Published online by Cambridge University Press: 24 October 2008
What has Jerusalem to do with Athens? The everchanging contours of the answer to this question have taken an arresting shape with the confluence of existentialist theology and analytic philosophy. This improbable union has led to an impressive and attractive account of religious belief and its language. Under the influence of Kierkegaard, Buber, and others, existentialist theology has argued persuasively for the non-theoretical, practical character of religious belief; it has, of late, discovered inspiration and assistance for this position in the reflections of recent analytic philosophy on the difficulties involved in speculative philosophy. The resultant theological point of view is one which argues for a ‘practical’ interpretation of religion, one which holds that the meaning of religious language is to be found exclusively in its use.

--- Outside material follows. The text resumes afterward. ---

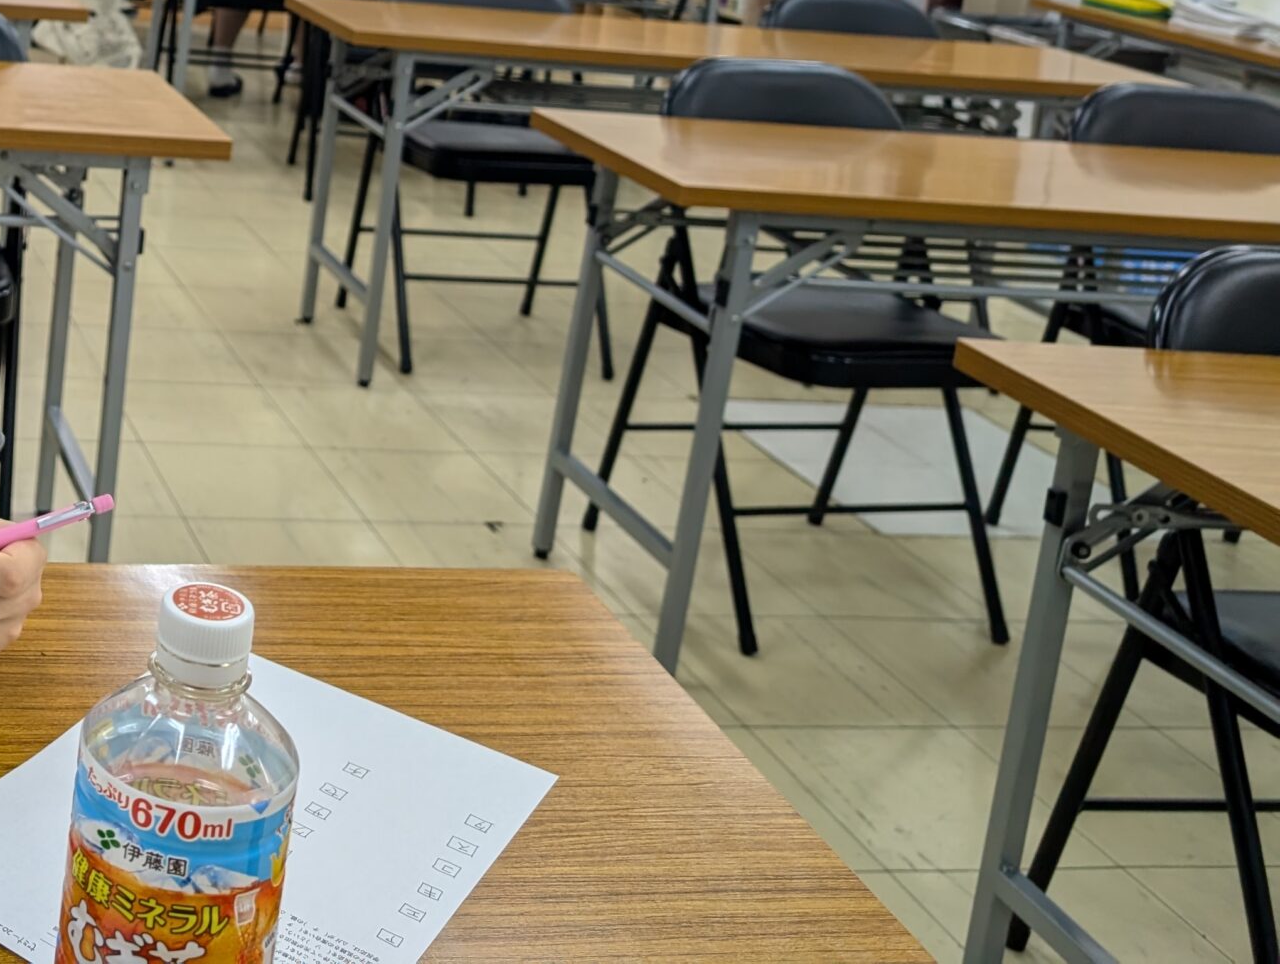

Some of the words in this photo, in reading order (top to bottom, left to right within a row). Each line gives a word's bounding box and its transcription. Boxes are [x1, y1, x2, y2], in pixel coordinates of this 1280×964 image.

Religion is seen as a self-contained ‘form of life’, and its language is held to have its own peculiar ‘logic’. It follows that religious beliefs and conceptions are intelligible in their own right and do not need to be explicated or justified with the aid of an ontology or metaphysic. I propose in this essay to appraise a recent statement of this position, and, in so doing, explore the broad question of the bearing of analytic reflections on the question of Christian theology's relationship to philosophy.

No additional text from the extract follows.